Most MNIST baselines reach 97-98% using 200K+ parameters. GENREG achieves 81% with 50K params and 72% with 25K params, showing strong parameter efficiency despite lower absolute ceiling. Other Results Alphabet recognition (A-Z): 100% mastery in ~1800 generations Currently testing generalization across 30 font variations Limitations Speed: ~40 minutes to 81% vs ~5-10 minutes for gradient descent Accuracy ceiling: Haven't beaten gradient baselines yet Scalability: Unclear how this scales to larger problems Current Experiments Architecture sweep (16/32/64/128/256 neurons) Mutation rate ablation studies Curriculum learning emergence Can we hit 90%+ on MNIST? Minimum viable capacity for digit recognition?

RaftPeople |root |parent [-]

Fun stuff. I built a system like this for artificial life years ago (neural network was the brain).

I'm curious how you handled the challenges around genotype>>>phenotype mapping?
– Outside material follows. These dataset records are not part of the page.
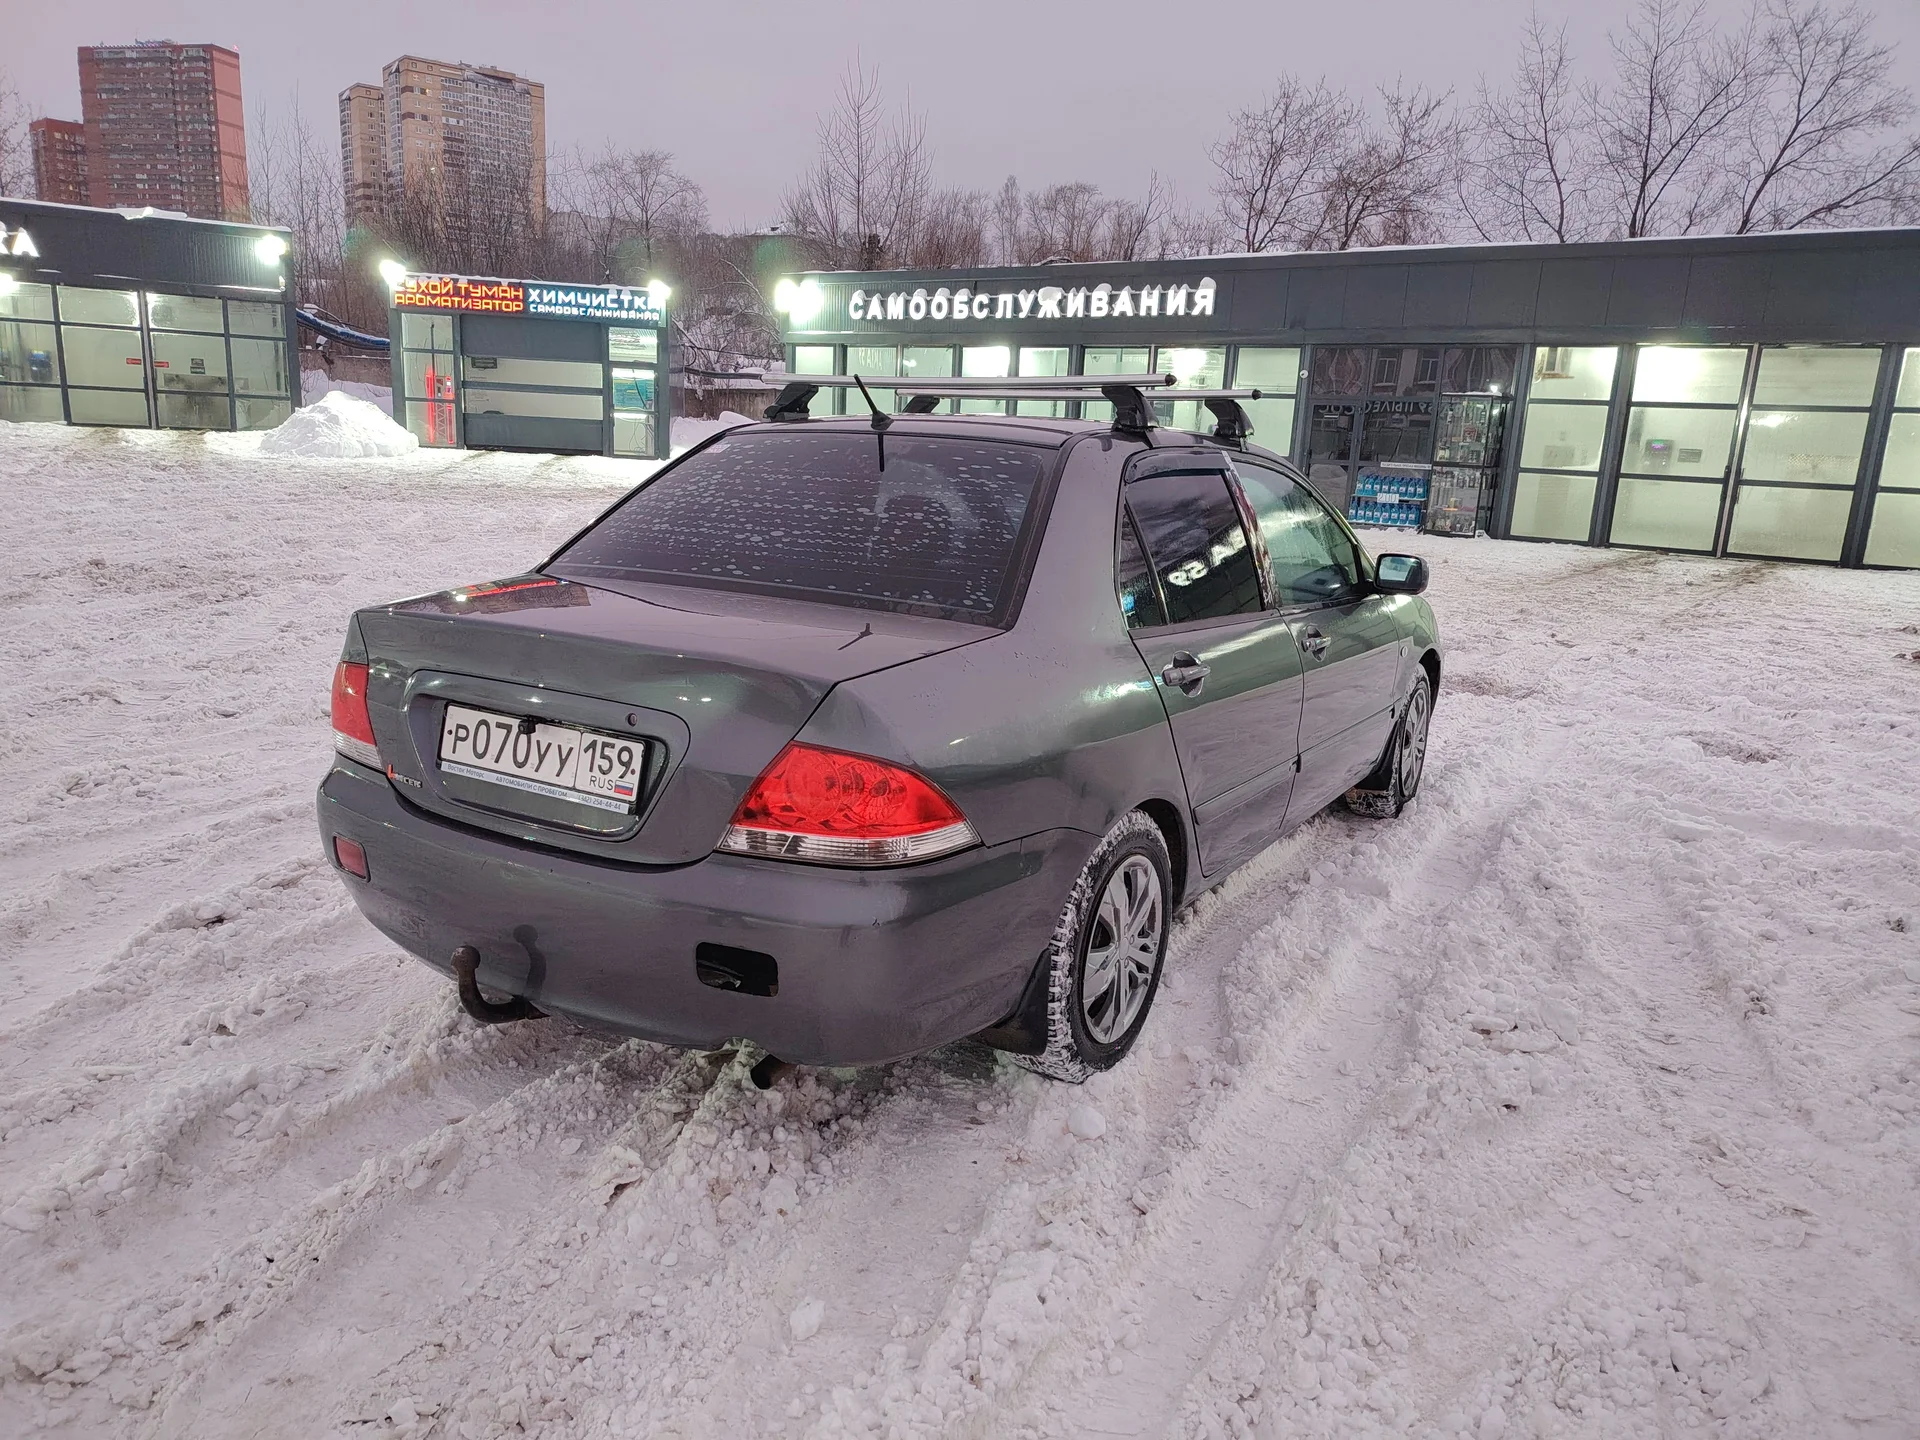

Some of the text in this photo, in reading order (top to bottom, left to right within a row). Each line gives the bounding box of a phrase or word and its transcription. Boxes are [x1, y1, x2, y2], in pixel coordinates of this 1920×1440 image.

[457, 282, 523, 299] ТУМАН
[528, 287, 660, 311] ХИМЧИСТКА
[394, 294, 523, 311] АРОМАТИЗАТОР
[529, 304, 660, 321] САМООБСЛУЖИВАНИЯ
[849, 287, 1216, 320] САМООБСЛУЖИВАНИЯ
[583, 738, 634, 779] 159
[447, 763, 466, 773] Восток
[466, 768, 485, 778] Моторс
[496, 776, 533, 789] АВТОМОБИЛИ
[589, 775, 613, 791] RUS
For my project the neural network was fairly large and somewhat modular due to needing to support multiple different functions (i.e. vision, hearing, touch, motor, logic+control, etc.) and it felt like the problem would be too challenging to solve well (to retain general structure of network so retaining existing capabilities but also with some variation for new) so I punted and had no gene's.

I just evolved each brain based on some high level rules. The most successful creatures had a low percentage chance of changing any neuron/connection/weight/activation function/etc. and less successful creatures had a higher percentage chance of changes with the absolute worst just getting re-created entirely.
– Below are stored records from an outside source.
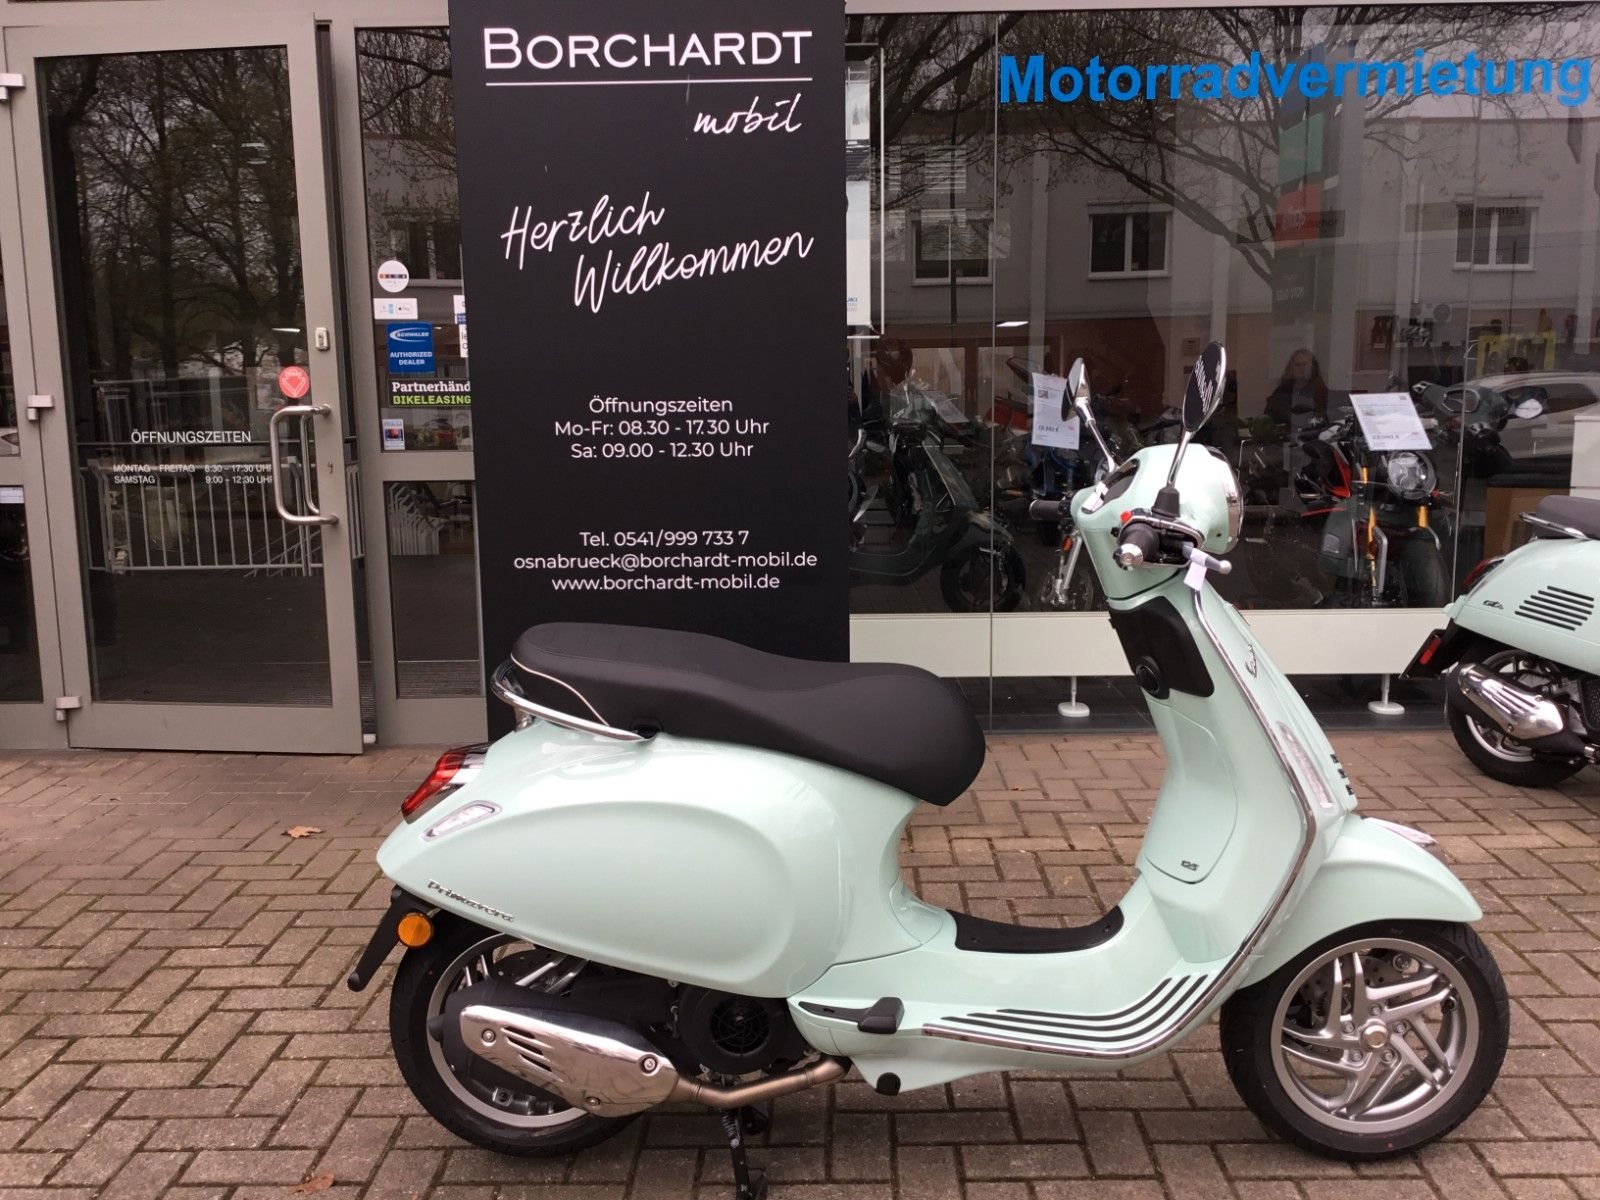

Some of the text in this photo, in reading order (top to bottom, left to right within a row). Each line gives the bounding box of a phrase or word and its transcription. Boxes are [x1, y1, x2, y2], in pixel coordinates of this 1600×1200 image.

[483, 27, 813, 70] BORCHARDT
[1000, 50, 1591, 107] Motorradvermietung
[693, 92, 803, 135] mobil
[500, 190, 665, 271] Herzlich
[573, 231, 815, 314] Willkommen
[393, 395, 472, 405] BIKELEASING
[589, 394, 733, 416] Öffnungszeiten
[130, 428, 252, 444] ÖFFNUNGSZEITEN
[554, 420, 614, 436] Mo-Fr:
[618, 419, 670, 436] 08.30
[685, 419, 730, 435] 17.30
[735, 418, 770, 435] Uhr
[570, 443, 598, 459] Sa:
[601, 442, 654, 459] 09.00
[669, 442, 715, 458] 12.30
[719, 441, 754, 457] Uhr
[113, 464, 151, 473] MONTAG
[159, 464, 196, 473] FREITAG
[232, 464, 254, 473] 17:30
[114, 475, 156, 484] SAMSTAG
[205, 475, 224, 484] 9:00
[232, 475, 255, 484] 12:30
[579, 528, 750, 549] Tel. 0541/999 733 7
[513, 549, 818, 573] osnabrueck@borchardt-mobil.de
[551, 573, 780, 591] www.borchardt-mobil.de
Things I noticed that I thought were interesting, wondering what things you've noticed in yours:

1-Most successful ones frequently ended up with a chokepoint, like layer 3 out of 7 where there was a smaller number of neurons and high connectivity to previous neurons.

2-Binary/step activation function ended up in successful networks much more frequently than I expected, not sure why.

3-Somewhat off topic from digit recognition but an interesting topic about ANN evolution: how to push the process forward? What conditions in the system would cause the process to find a capability that is more advanced/indirectly tied to success. For example, vision and object recognition: what is a precursor step that is valuable that the system could first develop. Also, how to create a generic environment where those things can naturally evolve without trying to steer the system.